For the record, the events referenced in this post happened before any relevant ban on backyard burning. 

I’ve been setting a lot of fires lately.    No, I haven’t finally snapped and decided to burn it all down.


I had some boxes of old office papers taking up space in my garage.  There was the off-chance that something in there had an old credit card number on it so I couldn’t send it all to the landfill, but it was too much for our little home paper shredder.  I (with my country tail) had the AWESOME idea of dumping the folders into a metal trash can and lighting it all up all Hollywood
alleyway style. 

In the movies when someone tosses a lighter onto a pile of classified papers, the whole stack goes up in a column of flames and a few minutes later all that remains is a pile of ashes.   This may come as a shock, but ---- Hollywood lied.  Paper burns quickly.  Well, A paper burns quickly.  A folder stuffed with 5 years of sign-in sheets does not.  After an hour spraying lighter fluid and  stirring the folders I had a 1 inch layer of ash covering 4 feet of smoky, ashy, and thoroughly un-burned office papers.

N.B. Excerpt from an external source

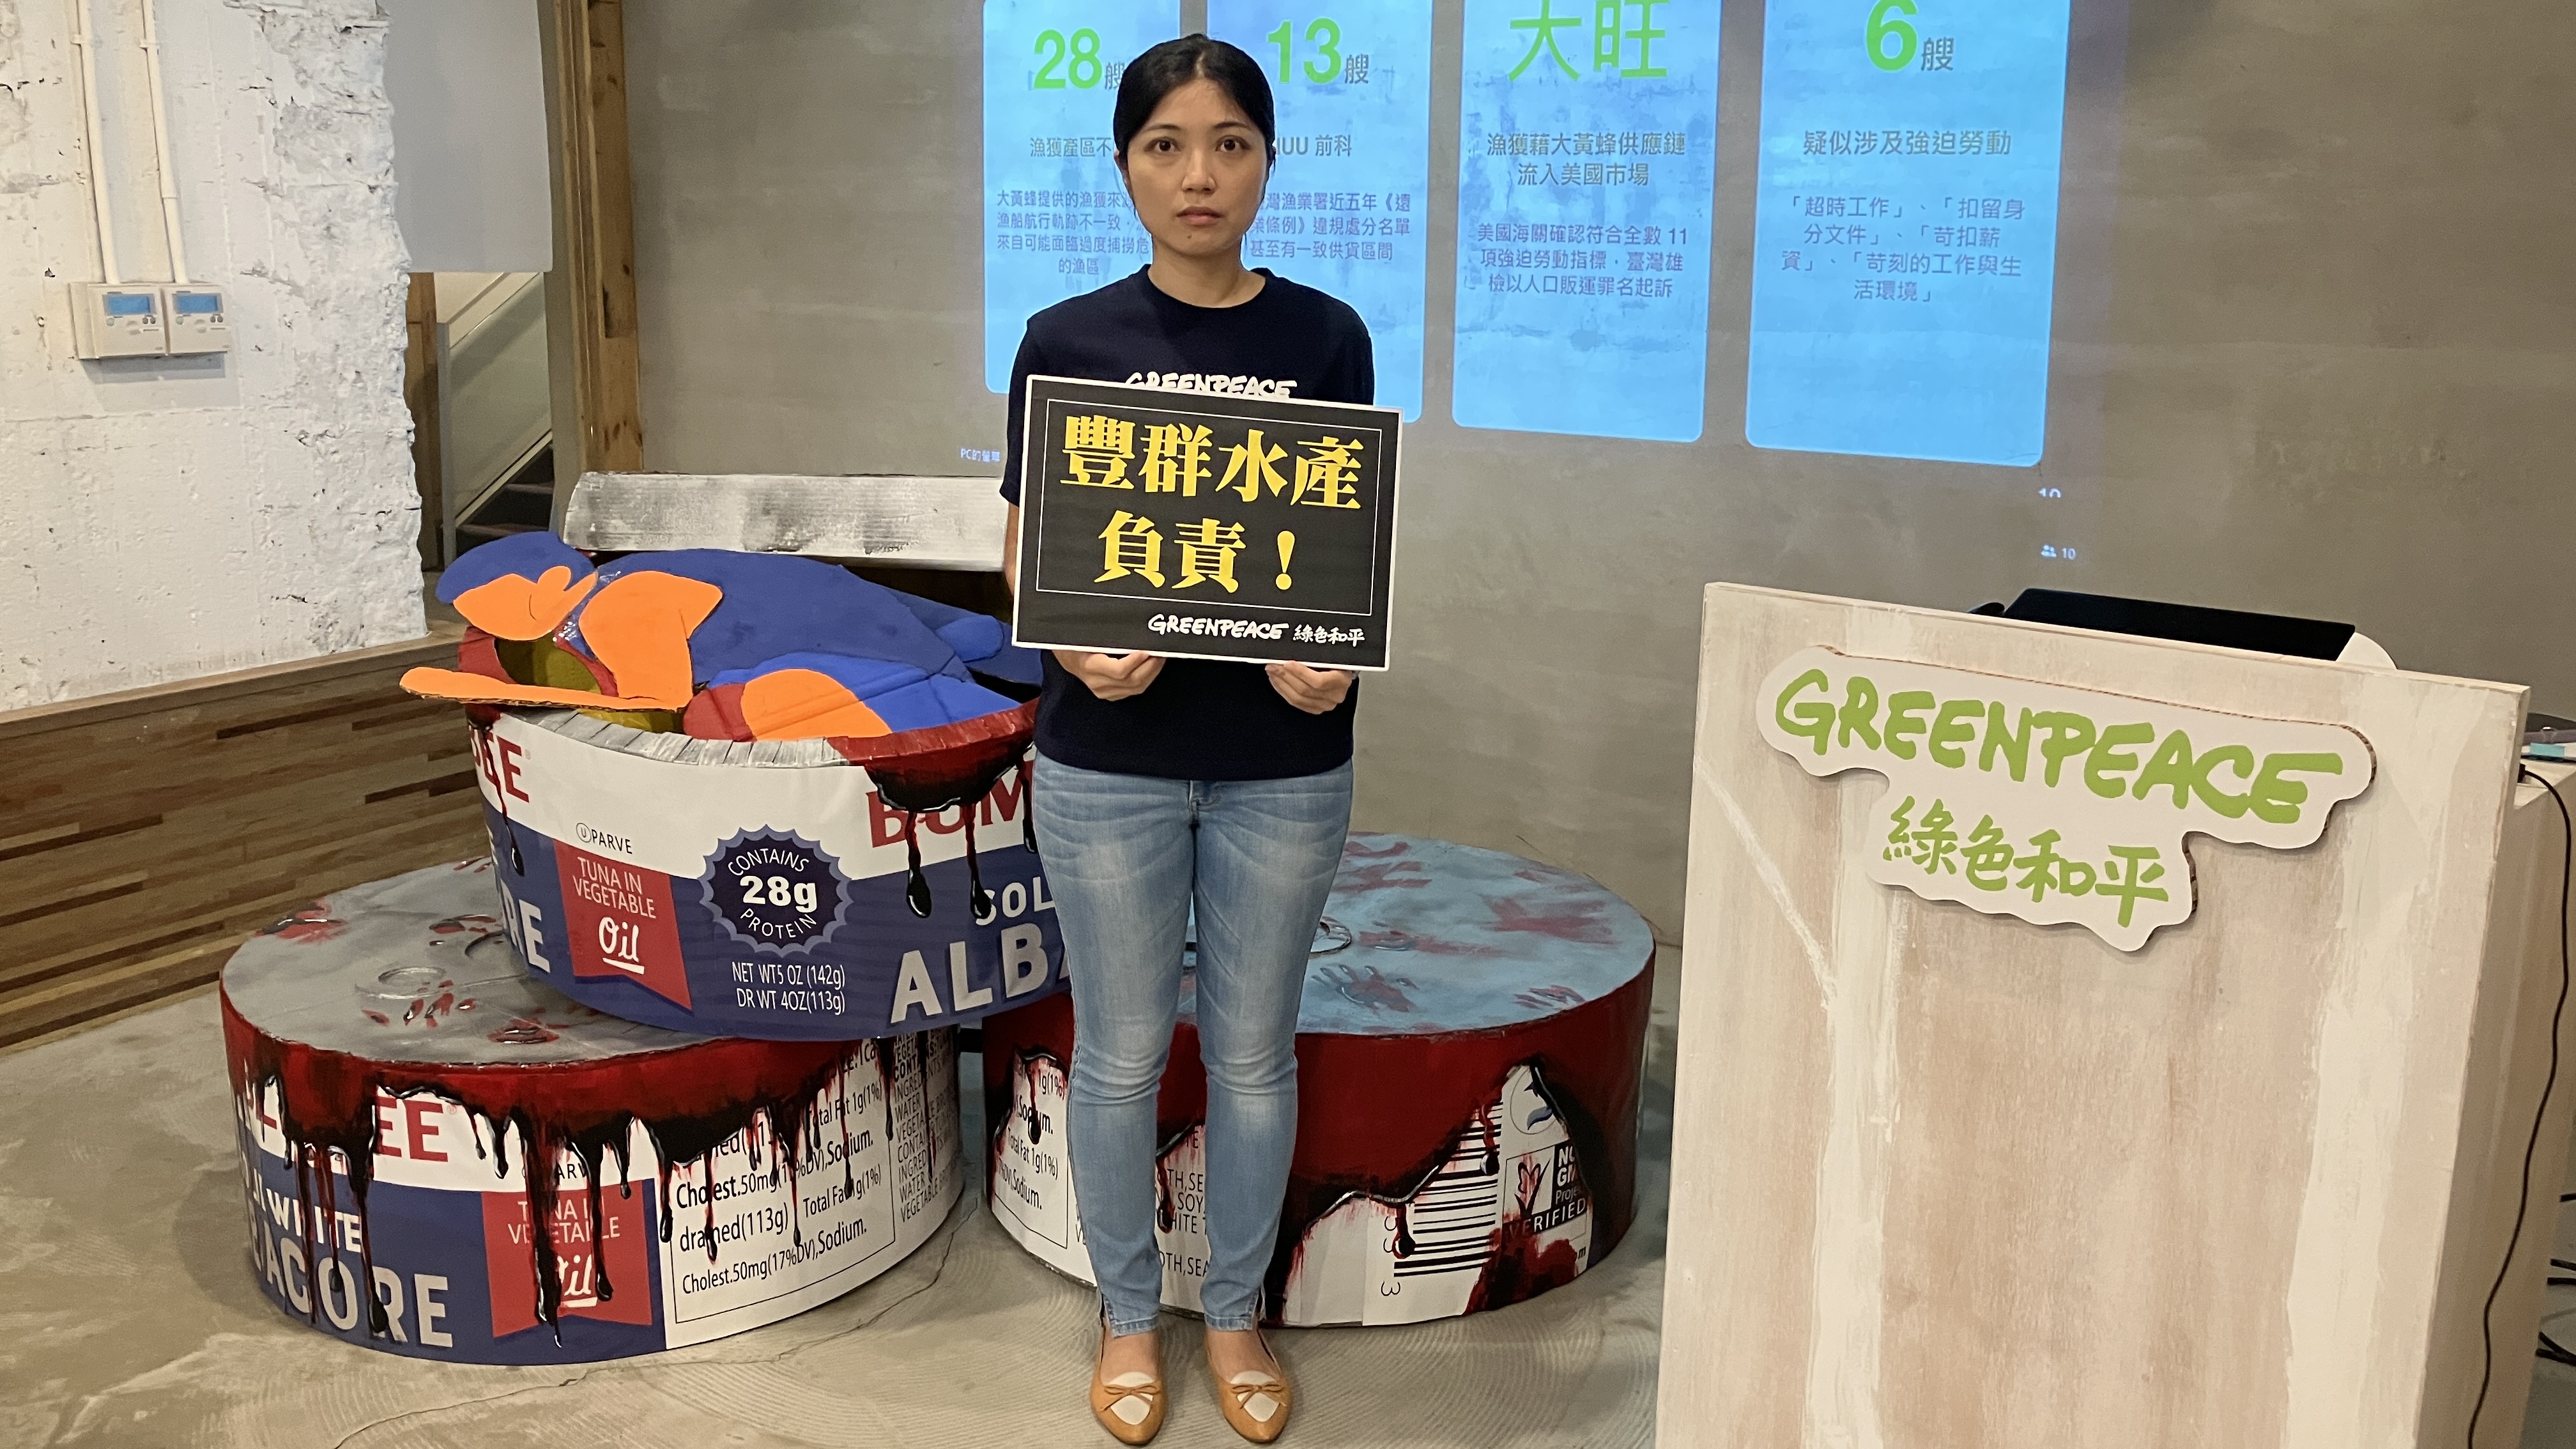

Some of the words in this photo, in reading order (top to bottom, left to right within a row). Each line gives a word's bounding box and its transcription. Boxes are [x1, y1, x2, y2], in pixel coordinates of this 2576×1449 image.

All day.  That’s how long it took for fire to consume a few boxes of files.  All.  Frickin’. Day.  Two hours after sunset I gave up.  I sprayed the contents of the trash can with water from the hose.  Set the metal lid in place, took a looong shower and went to bed.  That was a Monday.

Friday, 4 days later I thought, “What the crap do I do with a trashcan full of ashes?”  I could have bagged it all up and put it in the dumpster; but then I thought, “Ashes.  Carbon.  Biodegraded.  The soil will absorb it,” so I turned the trash can over at the edge of the woods behind my house.  

A few minutes later, I saw smoke, FRESH smoke, coming out of the woods at the edge of my yard.  I got the hose and the shovel and carefully doused the tiny new fire I’d started.  And THAT was when I began reflecting on the difference between ASHES and EMBERS.

Ashes and embers are both the remains of a fire, and they look the same: grayed black, blackened gray, charred, powdered, withered, empty, fit for nothing but to be thrown out and trodden underfoot.  That’s what ashes are, but when the wind blows, you realize that embers are something different. 

A few minutes in the spring breeze and some of the dead-looking remains of my trash fire started glowing.  Some of the ashen pieces turned fire red.  They weren’t ashes.  They were EMBERS. 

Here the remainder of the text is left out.